Jack Fitzgerald

Personal information
- Full name: Jack Fitzgerald
- Date of birth: 3 April 1930
- Place of birth: Waterford, Ireland
- Date of death: 23 November 2003 (aged 73)
- Position: Forward

Youth career
- –1949: Waterford Bohemians

Senior career*
- Years: Team / Apps / (Gls)
- 1949–1950: Waterford / ? / (0)
- 1951–1964: Waterford / ? / (121)
- 1964–1965: Cork Hibernians / 20 / (9)
- Total:  / ? / (130)

International career
- 1955–1956: Republic of Ireland / 2 / (1)
- League of Ireland XI / ? / (?)

= Jack Fitzgerald (footballer) =

Irish footballer

Jack Fitzgerald (3 April 1930 – 23 November 2003) was an Irish professional footballer.

Fitzgerald was the Golden Boy of Waterford football during the Fifties. Jack was one of six brothers who played in the League of Ireland for the Blues - Denny, Tom, Ned, Peter Fitzgerald (footballer) and Paul were the others. Their father, Michael, was a native of Durrow and a hurler, only becoming involved with football through his sons. However, he subsequently was elected chairman of Waterford and became an international selector in the early 1960s.

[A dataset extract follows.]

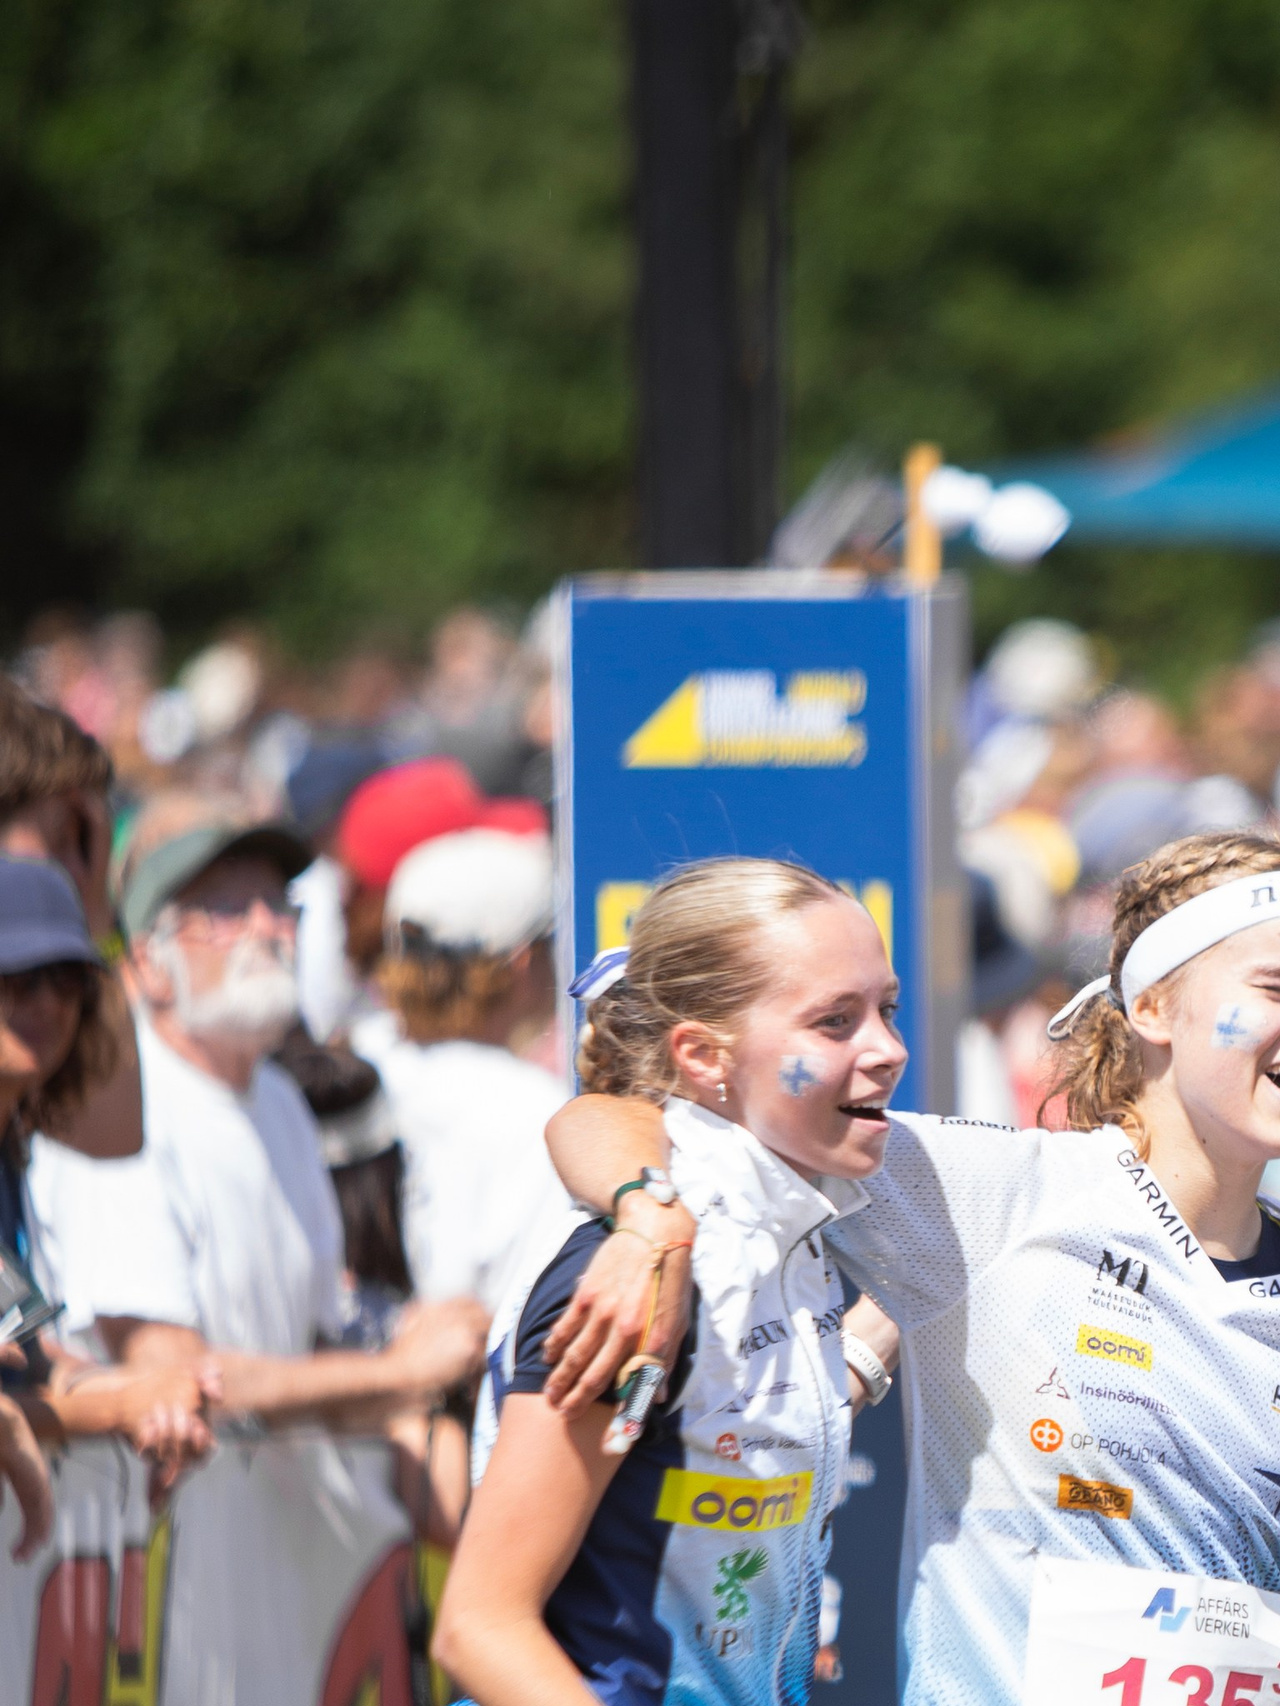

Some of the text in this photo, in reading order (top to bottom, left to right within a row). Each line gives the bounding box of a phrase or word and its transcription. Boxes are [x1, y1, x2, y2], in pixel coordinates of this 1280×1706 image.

Fitzgerald had started his career as a right half at Waterford Bohemians and along with his brother Denny was in the squad that won the FAI Youth Cup in 1947.

==Debut==
After making his League of Ireland debut in the 1949-50 League of Ireland season he spent the following season working in England. When he returned for the 1951-52 League of Ireland season, player-manager Jimmy Nelson switched him to centre-forward during an injury crisis. Jack responded with a couple of goals and his career took off from there.

He was noted for his pace and ability to score with both his head and feet while playing in the penalty area. His height and physical presence made him a difficult opponent for defenders, and he was also recognized for his work rate and persistence in challenging for the ball.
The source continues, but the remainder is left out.